In yet another pointless, heartless, and cruel move by the Trump administration, a budget proposal includes a directive by the Department of Health and Human Services to cut funding for a suicide hotline for LGBTQ+ youth.

Let's put this in perspective.  Forty percent of LGBTQ+ teenagers surveyed said they'd considered suicide within the last year.  One in ten attempted it.  This is four times higher than for straight teens (and those lower rates are disturbing enough).  But how, exactly, are these numbers shocking to anyone?  We have a government passing laws right and left specifically to deny rights to queer people.  There is a vocal minority of Americans who advocate making same-sex relationships illegal; one (Pastor Dillon Awes) gained national notoriety for saying that gays should be "lined up and shot."  Less overtly violent, but more pervasive, are strategies like the ones in multiple states to remove library books about the queer experience, or even fiction with queer characters.

Pastor Awes wants to kill us; but I'm not sure how much better the people are who simply want us erased.  That queer youth are feeling hopeless about the situation they're facing is hardly a surprise.

But let me be completely clear, here.  You people who still support Trump and his cronies -- you no longer have the right to call yourselves "pro-life."  What you are is pro-birth, because you don't seem to give a flying rat's ass what happens to kids after they're born.  What, do a person's rights begin at conception and end at birth?  Oh, to be fair, if they're the babies of straight white wealthy Christian conservatives, you're just thrilled to pieces.  But anyone else?  You've advocated reducing or eliminating SNAP benefits to feed low-income children.  You've voted to cut Head Start, which gives underprivileged children better access to early education.  This government's ICE thugs deported three children who had birthright citizenship (which, allow me to point out, is guaranteed by the 14th Amendment to the Constitution), including one with stage 4 cancer.  And as far as the proposed elimination of support for LGBTQ+ teenagers -- well, let me put it this way.

You fucking frightened little MAGA types, we are not trying to turn straight kids into queer kids.  We're trying to make sure queer kids don't turn into dead kids.

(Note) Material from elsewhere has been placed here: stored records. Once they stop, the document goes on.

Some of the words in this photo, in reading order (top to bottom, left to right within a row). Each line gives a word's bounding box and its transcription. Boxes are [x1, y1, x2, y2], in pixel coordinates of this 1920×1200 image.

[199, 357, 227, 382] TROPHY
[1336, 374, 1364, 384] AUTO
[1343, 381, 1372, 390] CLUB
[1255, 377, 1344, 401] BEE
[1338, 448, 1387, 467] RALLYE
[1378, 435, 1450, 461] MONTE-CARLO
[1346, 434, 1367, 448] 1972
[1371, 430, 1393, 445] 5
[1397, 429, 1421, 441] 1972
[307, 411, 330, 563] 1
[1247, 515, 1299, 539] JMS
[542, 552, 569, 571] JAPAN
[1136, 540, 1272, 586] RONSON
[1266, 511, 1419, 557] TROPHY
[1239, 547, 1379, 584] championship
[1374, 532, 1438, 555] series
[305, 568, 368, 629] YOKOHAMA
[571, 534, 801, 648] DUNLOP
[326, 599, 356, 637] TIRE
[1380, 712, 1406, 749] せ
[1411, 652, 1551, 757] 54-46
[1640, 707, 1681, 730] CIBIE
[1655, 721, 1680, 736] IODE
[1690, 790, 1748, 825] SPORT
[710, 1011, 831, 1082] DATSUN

But deep inside, you know that, don't you?  You know queerness isn't a choice, because when you hit puberty, you didn't sit down and "choose to be straight."  Your support for this kind of government is based on hate, pure and simple.  So I misspoke earlier; Trump's elimination of a suicide hotline for queer youth isn't pointless.

The cruelty is the point.

[Image courtesy of the Creative Commons Benson Kua, Rainbow flag breeze, CC BY-SA 2.0]

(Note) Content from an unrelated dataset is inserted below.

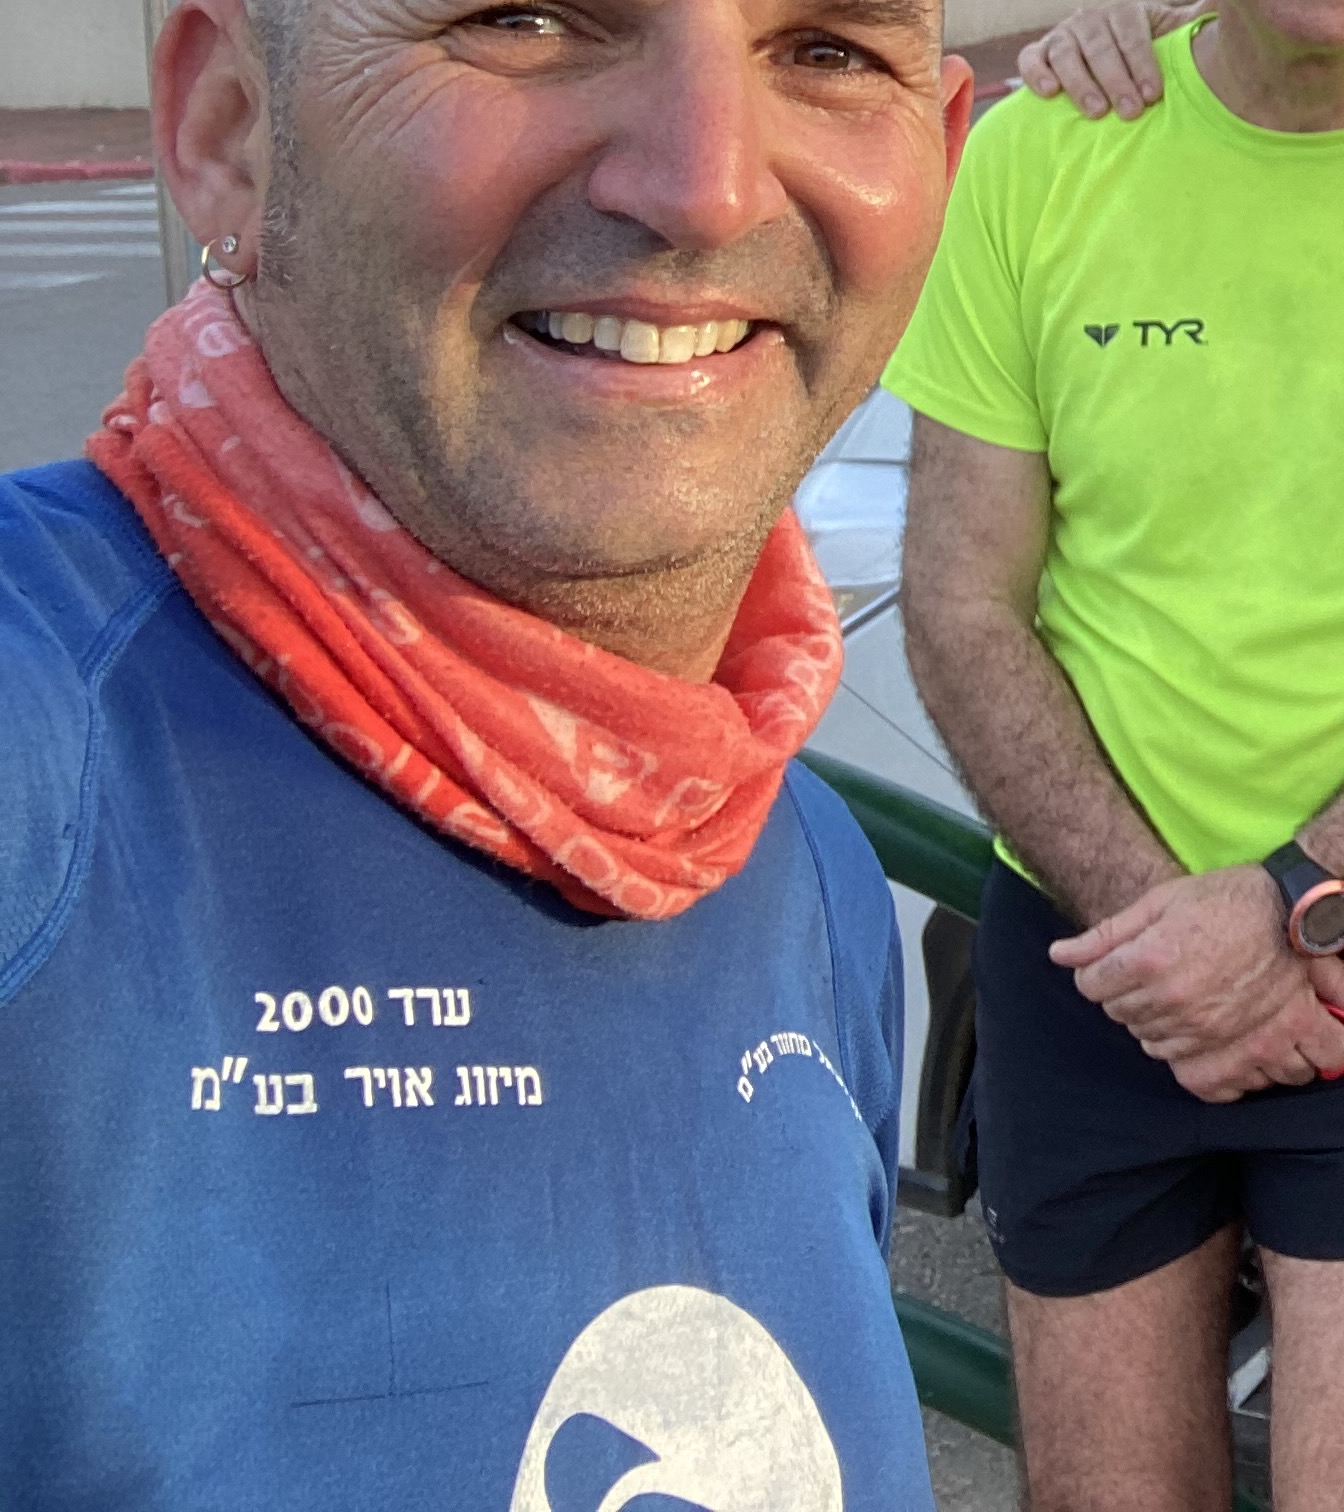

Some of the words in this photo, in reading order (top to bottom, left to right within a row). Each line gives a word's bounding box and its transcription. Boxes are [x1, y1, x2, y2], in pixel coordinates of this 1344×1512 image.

Allow me to get personal, here.  I was one of those queer kids who almost did turn into a dead kid.  Twice.  I attempted suicide when I was 17, and again when I was 20.  There was no safety net for me, and I came damn close to succeeding.  My mom felt like the appropriate thing to do was ignore it.  Her take on things was a dismissive, "What do you have to be sad about?"  It was never talked about; to my knowledge, no one besides her and my dad ever knew about it.  Both times were during summer, so there weren't even missed school days to red-flag anyone.

But if I hadn't gotten scared, and had taken the whole bottle of sleeping pills rather than just a handful, I wouldn't be here right now.

My depression, and my suicide attempts, were not solely about being a closeted queer kid in a place and time where coming out would have put my safety at significant risk.  My childhood, looked at from the outside, seemed pretty placid, but from the inside... well, let's just say that depressed people are chameleons, and so are emotional abusers.  I never felt safe, not for a single moment, neither at home nor at school.  And when I hit those catastrophic downward-spiral points at 17 and 20, I felt like I just wanted out, permanently, whatever it took.

If I had had someone I could have trusted to reach out to -- a counselor, a sympathetic adult, someone on the other end of a hotline -- my life would have played out very, very differently.  I might not have come so very close to ending it.

And the fact that Trump and his cronies want to pull that safety net away from this generation of queer young people is cruelty for cruelty's sake.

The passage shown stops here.